**Aim of the task:** Please transcribe the entries that follow exactly as they stand, skipping each picture.

**Data excerpts:**

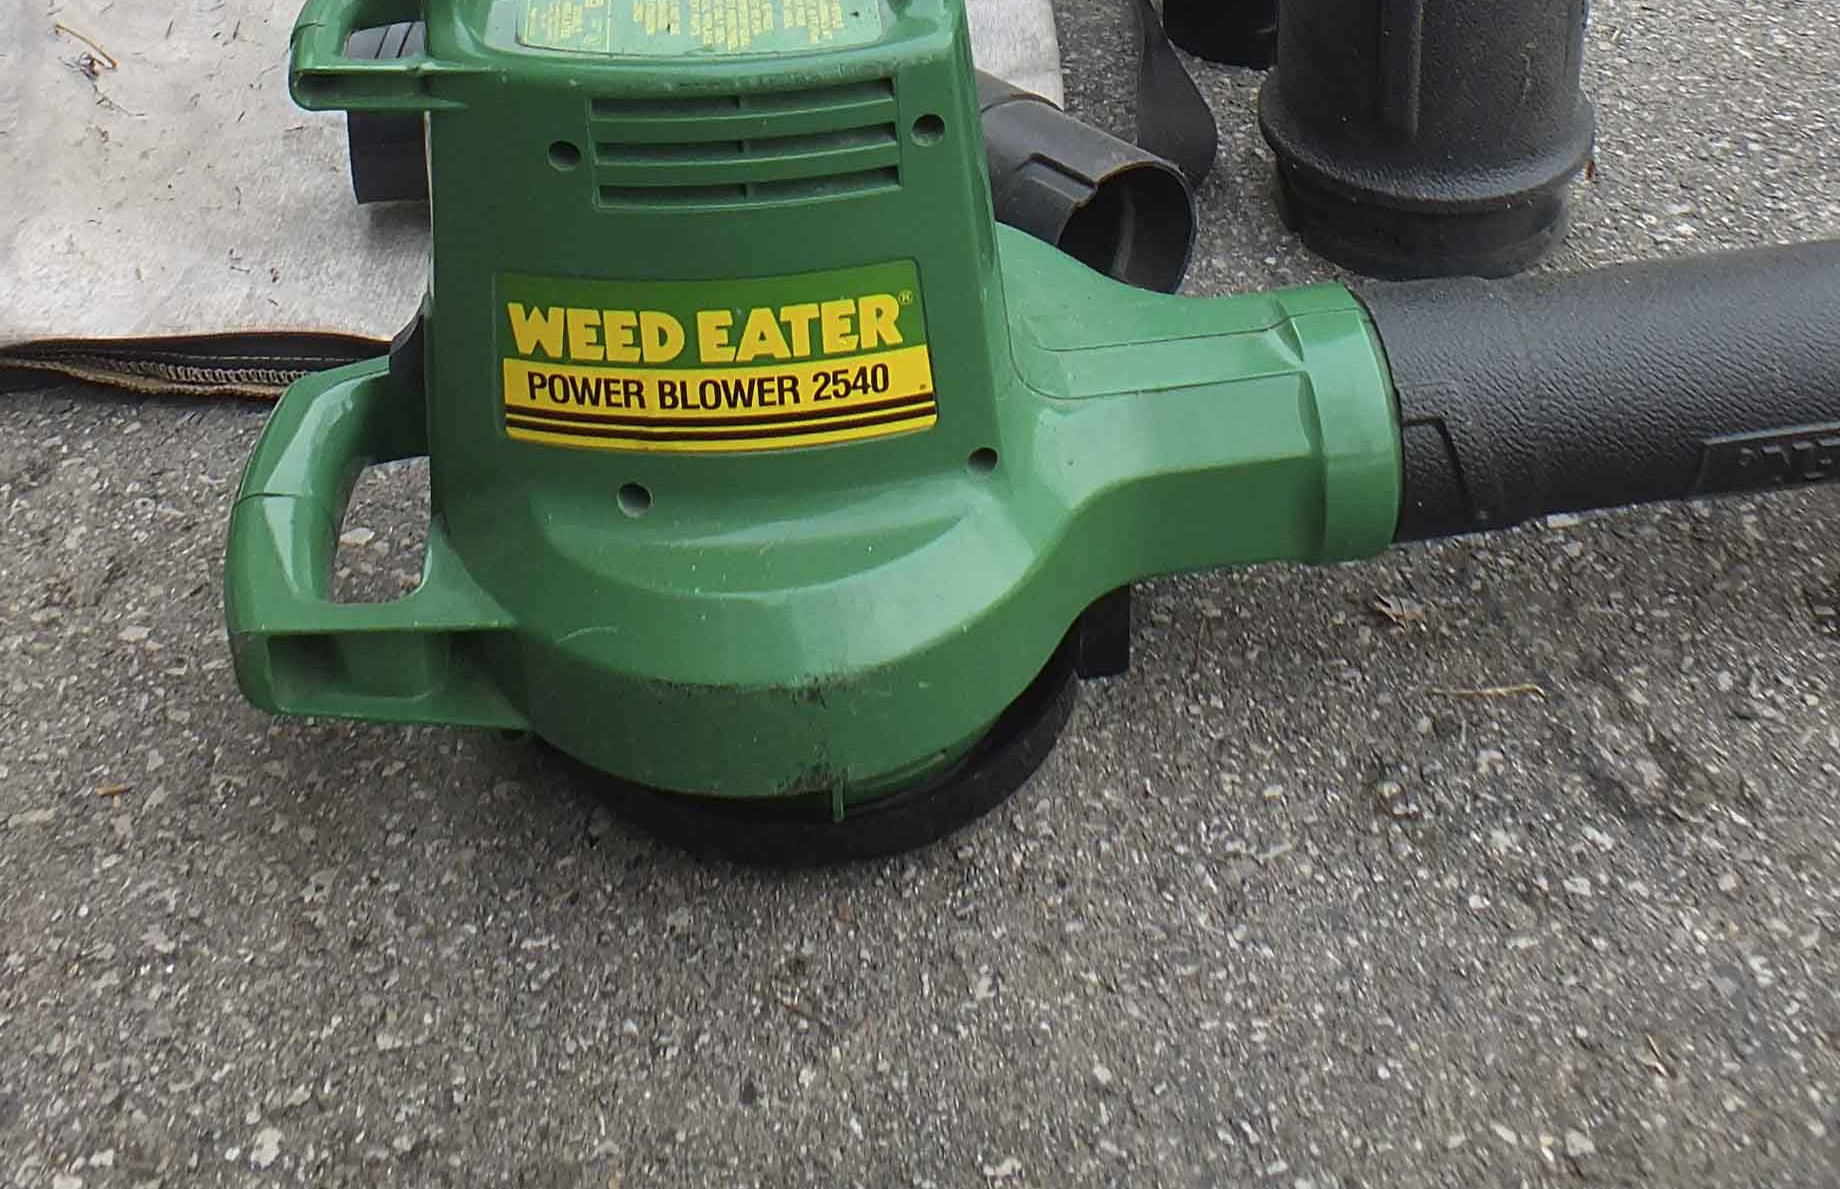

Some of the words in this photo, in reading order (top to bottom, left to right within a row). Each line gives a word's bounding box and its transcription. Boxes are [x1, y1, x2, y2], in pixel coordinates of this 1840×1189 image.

[507, 302, 686, 364] WEED
[527, 370, 646, 409] POWER
[657, 375, 802, 411] BLOWER
[812, 363, 890, 402] 2540
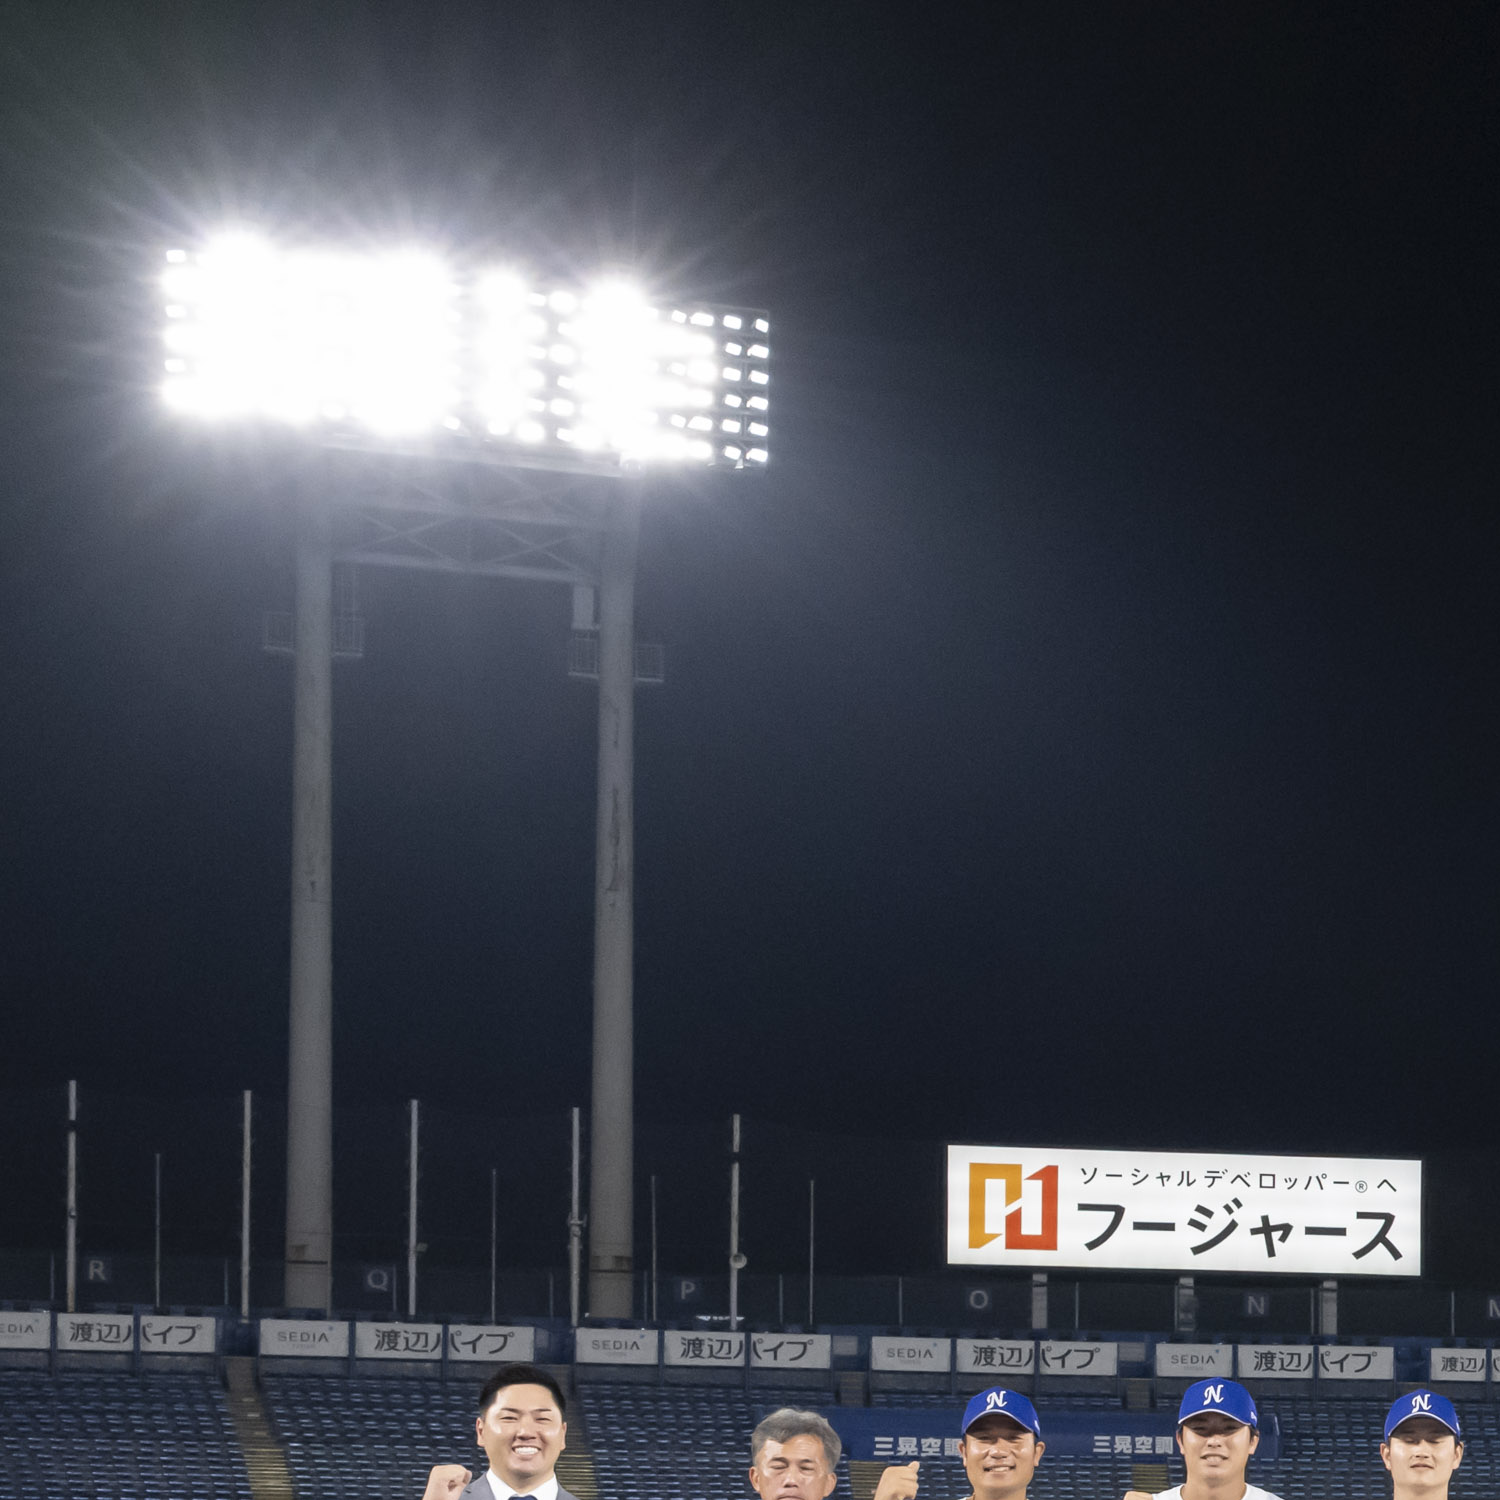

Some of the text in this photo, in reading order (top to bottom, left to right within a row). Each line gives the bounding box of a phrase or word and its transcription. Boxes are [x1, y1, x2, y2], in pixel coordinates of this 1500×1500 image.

[1077, 1197, 1403, 1262] フージャース

**Response to the task:**
Some of the words in this photo, in reading order (top to bottom, left to right within a row). Each line gives a word's bounding box and its transcription. Boxes are [x1, y1, x2, y2], in pixel coordinates of this 1840×1189 image.

[507, 302, 686, 364] WEED
[527, 370, 646, 409] POWER
[657, 375, 802, 411] BLOWER
[812, 363, 890, 402] 2540

Some of the text in this photo, in reading order (top to bottom, left to right within a row). Each line gives the bounding box of a phrase or word and its transcription. Boxes are [x1, y1, x2, y2], in pixel coordinates of this 1500×1500 image.

[1077, 1197, 1403, 1262] フージャース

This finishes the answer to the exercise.